With respect to the integrity of the buccal bone wall of the extraction socket, at the sites with intact extraction socket site, 5.7% of the patients presented with peri-implantitis, 40.0% with mucositis, and 54.3% with peri-implant health. The corresponding values for the non-intact sockets were 0%, 66.7%, and 33.3%. Accordingly, at the implant level, peri-implant tissue health, peri-implant mucositis, and peri-implantitis were detected at 52%, 44%, and 4% of the implants inserted into the intact extraction sockets. For the extraction sockets sites presenting with dehiscence type defects, 64% of implants were diagnosed with peri-implant mucositis, whereas the rest of the implant sites (36%) presented peri-implant tissue health.
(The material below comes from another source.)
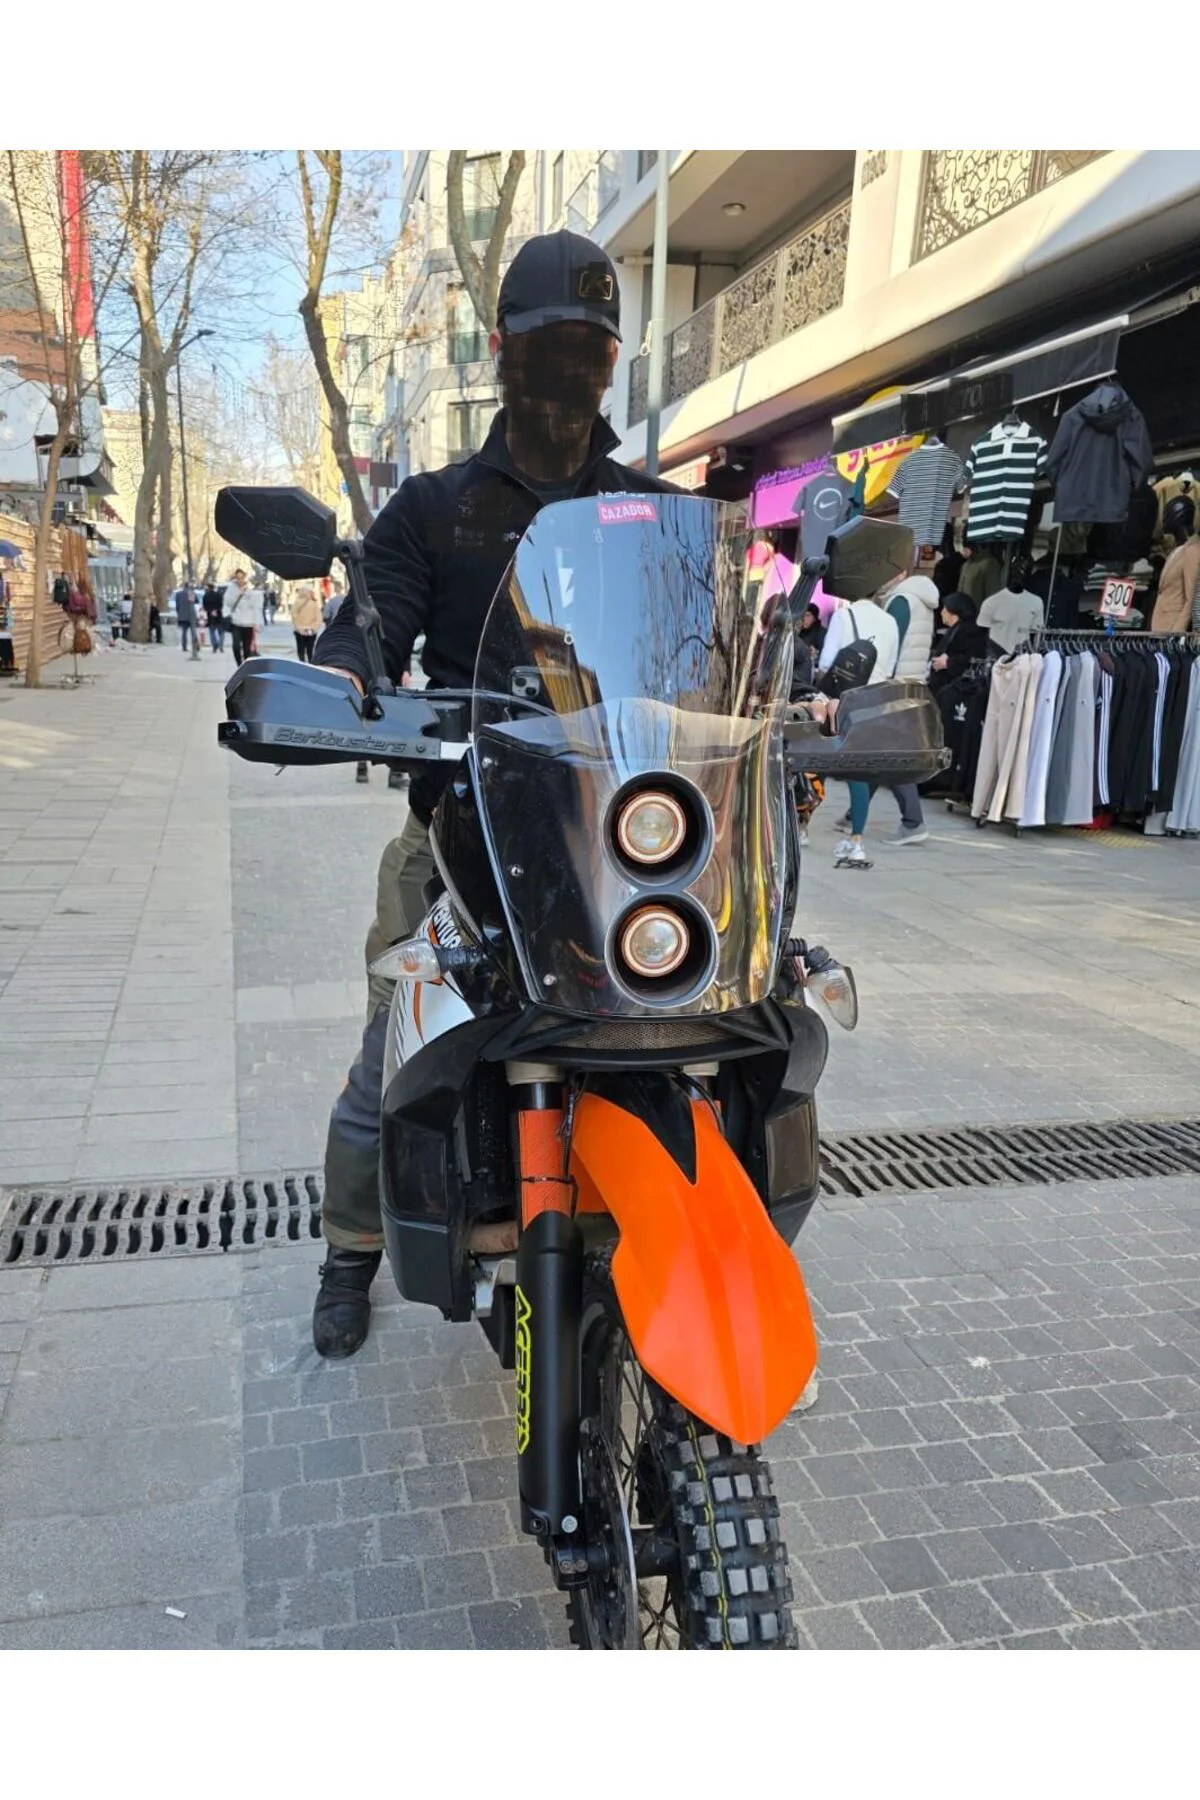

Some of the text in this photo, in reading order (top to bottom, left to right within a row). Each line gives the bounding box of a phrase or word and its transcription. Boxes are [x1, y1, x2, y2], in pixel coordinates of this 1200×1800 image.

[600, 503, 653, 520] CAZADOR
[1104, 582, 1132, 607] 300
[275, 727, 407, 753] Barkbusters
The assessed clinical and radiological parameters are presented in Table 4. Mean PI and BOP values amounted to 0.22 and 12.77% at the patient level, and 0.28 and 21.09% at the implant level, respectively. Mean PD values amounted to 2.41 mm on patient, and 2.49 mm on implant-level data. The mean mid-facial KM width values were 4.04 mm on patient and 3.95 mm on implant level, respectively.
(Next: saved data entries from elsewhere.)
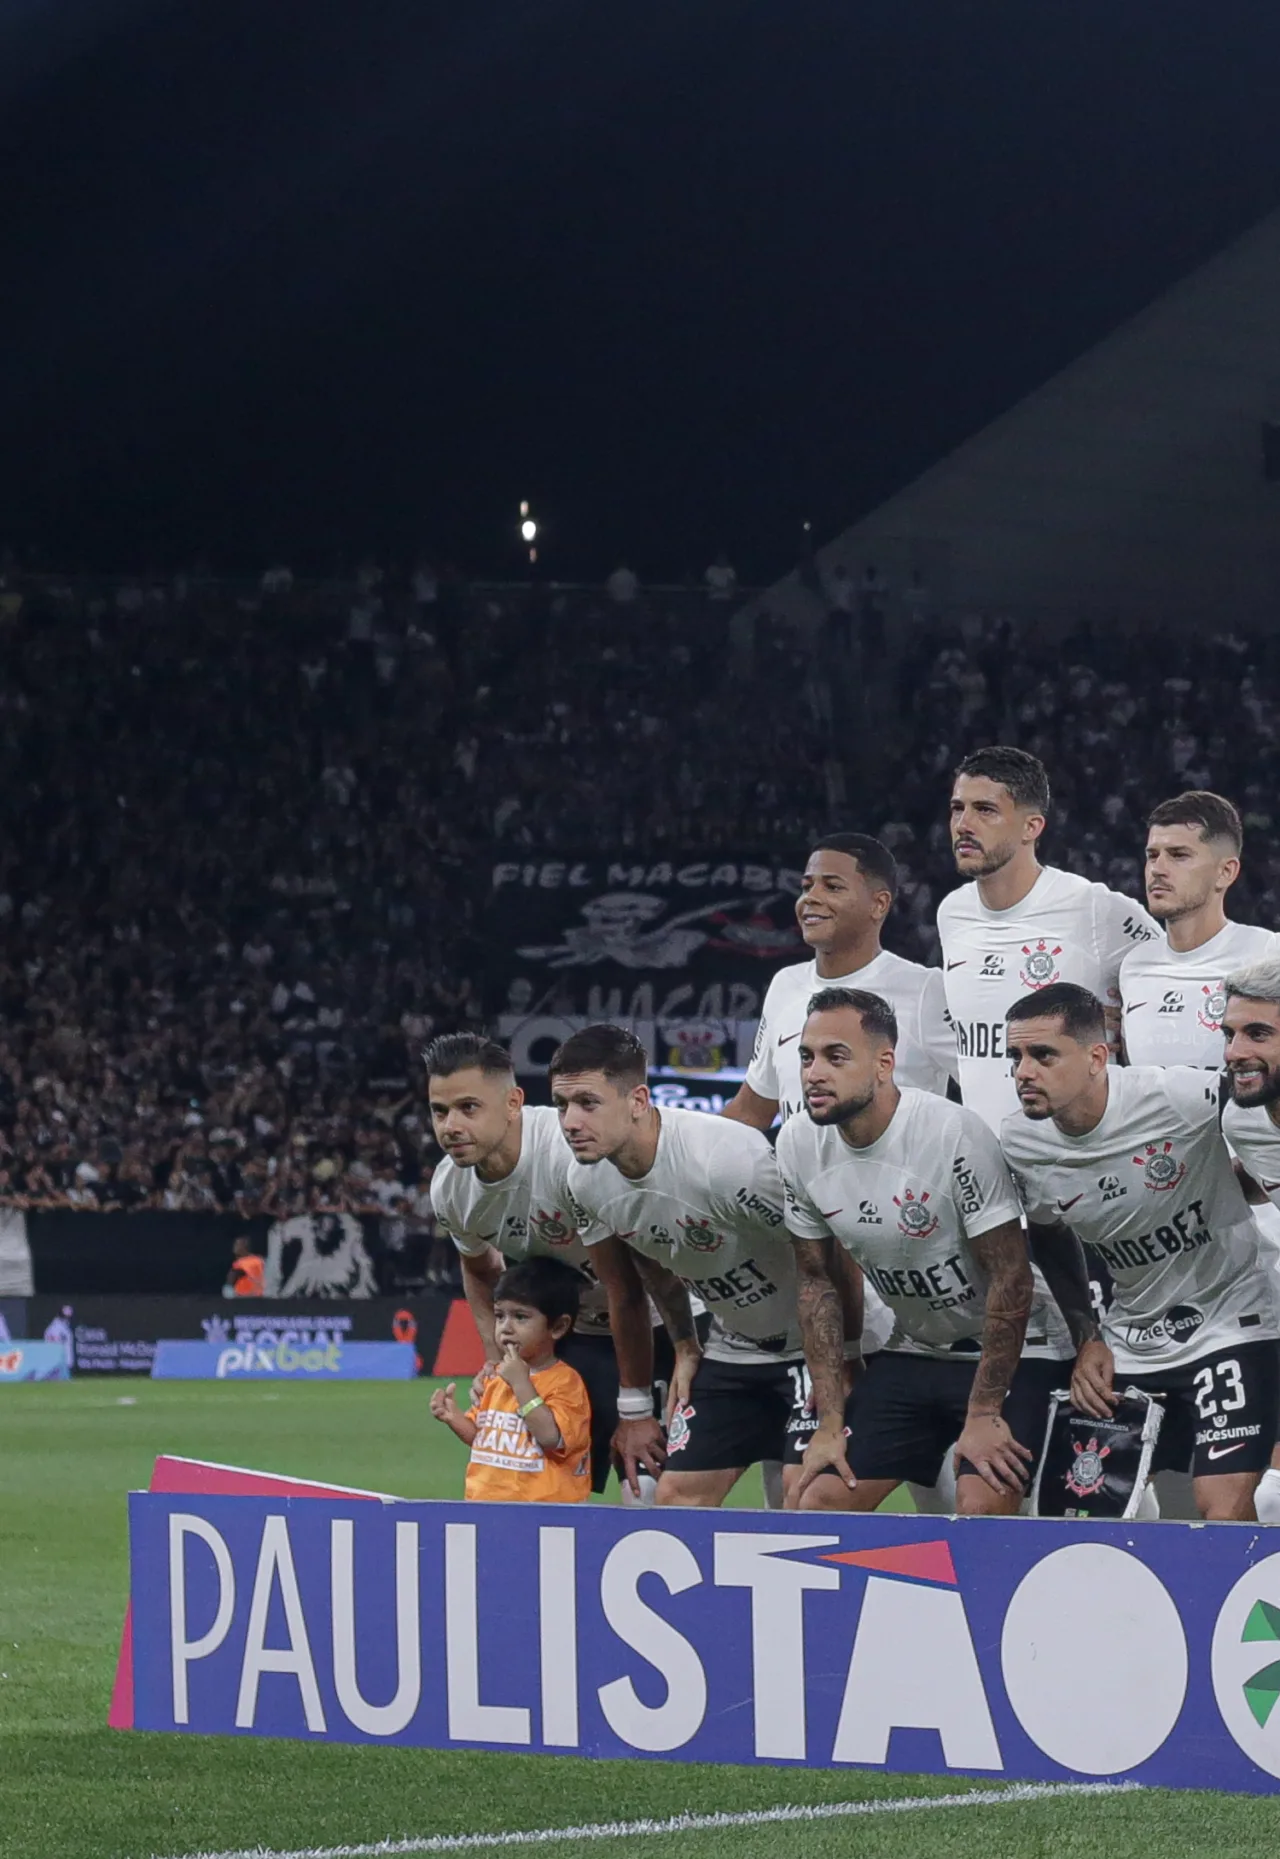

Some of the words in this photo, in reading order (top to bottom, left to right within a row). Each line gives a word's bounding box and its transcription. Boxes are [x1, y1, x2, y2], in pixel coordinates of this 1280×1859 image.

[492, 862, 591, 888] FIEL
[980, 967, 1006, 976] ALE
[1156, 1004, 1185, 1014] ALE
[955, 1167, 982, 1215] bmg
[1101, 1187, 1128, 1203] ALE
[745, 1193, 785, 1228] bmg
[857, 1215, 883, 1225] ALE
[215, 1342, 344, 1378] pixbet
[1192, 1358, 1247, 1419] 23
In total, 4 implants (6%) presented with soft-tissue recession of 1 mm: 2 of them on the mid-facial (1 implant site with thin soft-tissue biotype, 1 site with thick biotype), and the remaining 2 implants on the oral aspect (1 with thin biotype, 1 with thick biotype). All 4 implants were placed in the non-intact post-extraction sockets. None of the included implants presented suppuration. In addition, no failure or implant mobility was reported over the follow-up period.

Ordinal regression analysis revealed a significant effect of the mid-facial KM height on the diagnosis (P = 0.012). Specifically, patients exhibiting reduced mid-facial KM values were more frequently diagnosed with peri-implantitis/peri-implant mucositis compared to the patients exhibiting healthy implants (coefficient = −0.665; standard error = 0.266; t value = −2.497; odds ratio (OR), 0.5144; 95% CI, 0.293 to 0.842). The cumulative link mixed effects model revealed a non-significant maximum likelihood estimate for mid-facial KM (−0.18, error 0.1881, z value −0.975, P = 0.33). The standard deviance of the variance of the random effect patient amounted to 9.255e−05, and the condition number of the Hessian amounted to 2.1e+08 thus being larger than the threshold 10 ^ 6 for ill-defined models.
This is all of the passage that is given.